A business case for working with trained medical interpreters

An article published by the American College of Pediatrics listed certain types of errors interpreters make:

  • Omission: not interpreting a word or phrase
  • Addition: adding a word or phrase not uttered
  • Substitution: substituting a word or phrase for a different word or phrase
  • Editorialization: providing ones own views as the interpretation of a word or phrase
  • False fluency: using a word or phrase that does not exist in the language or is incorrect and substantially alters the meaning.
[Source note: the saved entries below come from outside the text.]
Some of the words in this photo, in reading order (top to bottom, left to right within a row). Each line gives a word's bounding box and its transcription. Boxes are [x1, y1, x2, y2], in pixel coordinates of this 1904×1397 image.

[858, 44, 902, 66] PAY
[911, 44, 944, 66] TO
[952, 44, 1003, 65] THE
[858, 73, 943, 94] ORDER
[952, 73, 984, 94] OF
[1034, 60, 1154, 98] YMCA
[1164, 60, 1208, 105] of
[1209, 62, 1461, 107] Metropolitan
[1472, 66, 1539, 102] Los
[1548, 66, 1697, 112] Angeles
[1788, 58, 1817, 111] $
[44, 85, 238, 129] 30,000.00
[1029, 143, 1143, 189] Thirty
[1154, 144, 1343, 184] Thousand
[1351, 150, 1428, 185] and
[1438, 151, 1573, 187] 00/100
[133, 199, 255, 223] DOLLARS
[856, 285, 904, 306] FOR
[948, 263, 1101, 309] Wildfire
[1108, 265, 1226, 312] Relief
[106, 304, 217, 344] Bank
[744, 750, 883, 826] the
In this study, there was an average of 31 errors per interpreting encounter.  18% of the errors had potential clinical consequences overall. However, the percentage of errors with potential clinical consequences varied significantly.

Another study, published in the Annals of emergency Medicine, study noted that the years of experience made no difference. Only training made a difference.

  • Ad hoc interpreter: 22%
  • No interpreter: 20%
  • Professional interpreter with 40 to 99 hours of training: 12%
  • Professional interpreter with at least 100 hours of training: 2%. For interpreters with over 100 hours of training, 0% of the false-fluency, substitution or editorialization errors had potential clinical consequences.

Another study by the University of Massachusetts Medical School has found that professional interpreting services at both admission and discharge reduced a patient’s length of stay by 0.75 to 1.45 days. These patients were also less likely to be readmitted within 30 days.

The savings in misdiagnosis, length of stay and readmission rates are significant. In Oregon, the average cost per inpatient day is approximately $2500. Working with an interpreter, from this perspective, is very cost-effective.